* [Required action]:
The data must be returned exactly. No line may be left out.

Referring expression grounding data
[Start of section]

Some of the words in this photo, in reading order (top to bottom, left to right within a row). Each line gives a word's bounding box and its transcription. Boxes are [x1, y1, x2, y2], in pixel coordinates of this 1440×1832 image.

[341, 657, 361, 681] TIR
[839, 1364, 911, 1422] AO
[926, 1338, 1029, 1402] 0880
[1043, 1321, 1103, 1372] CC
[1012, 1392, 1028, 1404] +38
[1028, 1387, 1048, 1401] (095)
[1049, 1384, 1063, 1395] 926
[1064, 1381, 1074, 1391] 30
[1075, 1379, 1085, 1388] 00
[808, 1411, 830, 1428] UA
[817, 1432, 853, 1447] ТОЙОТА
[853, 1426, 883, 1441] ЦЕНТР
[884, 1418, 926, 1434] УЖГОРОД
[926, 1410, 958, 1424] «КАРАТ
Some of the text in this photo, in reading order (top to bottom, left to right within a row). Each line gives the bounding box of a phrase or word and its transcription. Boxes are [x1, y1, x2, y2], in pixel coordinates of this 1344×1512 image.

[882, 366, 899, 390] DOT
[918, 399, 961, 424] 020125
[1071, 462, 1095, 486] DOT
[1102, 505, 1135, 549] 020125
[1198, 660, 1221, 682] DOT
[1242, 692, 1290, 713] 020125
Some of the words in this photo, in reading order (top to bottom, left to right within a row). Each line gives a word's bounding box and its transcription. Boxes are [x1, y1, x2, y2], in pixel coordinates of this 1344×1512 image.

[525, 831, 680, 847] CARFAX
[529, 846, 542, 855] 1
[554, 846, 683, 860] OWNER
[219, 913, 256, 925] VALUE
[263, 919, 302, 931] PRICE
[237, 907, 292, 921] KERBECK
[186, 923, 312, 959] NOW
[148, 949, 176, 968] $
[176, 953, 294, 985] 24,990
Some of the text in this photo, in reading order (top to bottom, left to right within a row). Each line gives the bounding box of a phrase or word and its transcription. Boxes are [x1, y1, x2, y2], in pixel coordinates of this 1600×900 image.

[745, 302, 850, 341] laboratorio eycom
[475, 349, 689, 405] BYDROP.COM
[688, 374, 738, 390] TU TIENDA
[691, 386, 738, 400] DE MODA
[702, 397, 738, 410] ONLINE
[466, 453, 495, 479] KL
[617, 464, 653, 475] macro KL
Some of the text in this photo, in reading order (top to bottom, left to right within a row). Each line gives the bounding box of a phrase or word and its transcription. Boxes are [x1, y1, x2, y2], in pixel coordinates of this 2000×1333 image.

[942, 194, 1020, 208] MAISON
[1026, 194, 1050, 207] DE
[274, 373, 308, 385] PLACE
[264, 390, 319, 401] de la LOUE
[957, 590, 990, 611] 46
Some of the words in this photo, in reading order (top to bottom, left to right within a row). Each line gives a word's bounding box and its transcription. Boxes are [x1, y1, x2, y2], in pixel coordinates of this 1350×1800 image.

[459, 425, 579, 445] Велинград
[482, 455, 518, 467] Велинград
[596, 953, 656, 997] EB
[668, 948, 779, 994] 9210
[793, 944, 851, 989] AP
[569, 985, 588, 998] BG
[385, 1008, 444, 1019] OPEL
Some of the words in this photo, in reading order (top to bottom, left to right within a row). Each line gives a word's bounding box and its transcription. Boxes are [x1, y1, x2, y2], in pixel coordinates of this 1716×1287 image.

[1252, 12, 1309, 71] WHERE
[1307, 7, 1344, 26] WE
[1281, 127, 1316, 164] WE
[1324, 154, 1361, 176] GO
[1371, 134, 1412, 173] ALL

[End of section]

* [Task solution]:
Some of the words in this photo, in reading order (top to bottom, left to right within a row). Each line gives a word's bounding box and its transcription. Boxes are [x1, y1, x2, y2], in pixel coordinates of this 1440×1832 image.

[341, 657, 361, 681] TIR
[839, 1364, 911, 1422] AO
[926, 1338, 1029, 1402] 0880
[1043, 1321, 1103, 1372] CC
[1012, 1392, 1028, 1404] +38
[1028, 1387, 1048, 1401] (095)
[1049, 1384, 1063, 1395] 926
[1064, 1381, 1074, 1391] 30
[1075, 1379, 1085, 1388] 00
[808, 1411, 830, 1428] UA
[817, 1432, 853, 1447] ТОЙОТА
[853, 1426, 883, 1441] ЦЕНТР
[884, 1418, 926, 1434] УЖГОРОД
[926, 1410, 958, 1424] «КАРАТ
Some of the text in this photo, in reading order (top to bottom, left to right within a row). Each line gives the bounding box of a phrase or word and its transcription. Boxes are [x1, y1, x2, y2], in pixel coordinates of this 1344×1512 image.

[882, 366, 899, 390] DOT
[918, 399, 961, 424] 020125
[1071, 462, 1095, 486] DOT
[1102, 505, 1135, 549] 020125
[1198, 660, 1221, 682] DOT
[1242, 692, 1290, 713] 020125
Some of the words in this photo, in reading order (top to bottom, left to right within a row). Each line gives a word's bounding box and its transcription. Boxes are [x1, y1, x2, y2], in pixel coordinates of this 1344×1512 image.

[525, 831, 680, 847] CARFAX
[529, 846, 542, 855] 1
[554, 846, 683, 860] OWNER
[219, 913, 256, 925] VALUE
[263, 919, 302, 931] PRICE
[237, 907, 292, 921] KERBECK
[186, 923, 312, 959] NOW
[148, 949, 176, 968] $
[176, 953, 294, 985] 24,990
Some of the text in this photo, in reading order (top to bottom, left to right within a row). Each line gives the bounding box of a phrase or word and its transcription. Boxes are [x1, y1, x2, y2], in pixel coordinates of this 1600×900 image.

[745, 302, 850, 341] laboratorio eycom
[475, 349, 689, 405] BYDROP.COM
[688, 374, 738, 390] TU TIENDA
[691, 386, 738, 400] DE MODA
[702, 397, 738, 410] ONLINE
[466, 453, 495, 479] KL
[617, 464, 653, 475] macro KL
Some of the text in this photo, in reading order (top to bottom, left to right within a row). Each line gives the bounding box of a phrase or word and its transcription. Boxes are [x1, y1, x2, y2], in pixel coordinates of this 2000×1333 image.

[942, 194, 1020, 208] MAISON
[1026, 194, 1050, 207] DE
[274, 373, 308, 385] PLACE
[264, 390, 319, 401] de la LOUE
[957, 590, 990, 611] 46
Some of the words in this photo, in reading order (top to bottom, left to right within a row). Each line gives a word's bounding box and its transcription. Boxes are [x1, y1, x2, y2], in pixel coordinates of this 1350×1800 image.

[459, 425, 579, 445] Велинград
[482, 455, 518, 467] Велинград
[596, 953, 656, 997] EB
[668, 948, 779, 994] 9210
[793, 944, 851, 989] AP
[569, 985, 588, 998] BG
[385, 1008, 444, 1019] OPEL
Some of the words in this photo, in reading order (top to bottom, left to right within a row). Each line gives a word's bounding box and its transcription. Boxes are [x1, y1, x2, y2], in pixel coordinates of this 1716×1287 image.

[1252, 12, 1309, 71] WHERE
[1307, 7, 1344, 26] WE
[1281, 127, 1316, 164] WE
[1324, 154, 1361, 176] GO
[1371, 134, 1412, 173] ALL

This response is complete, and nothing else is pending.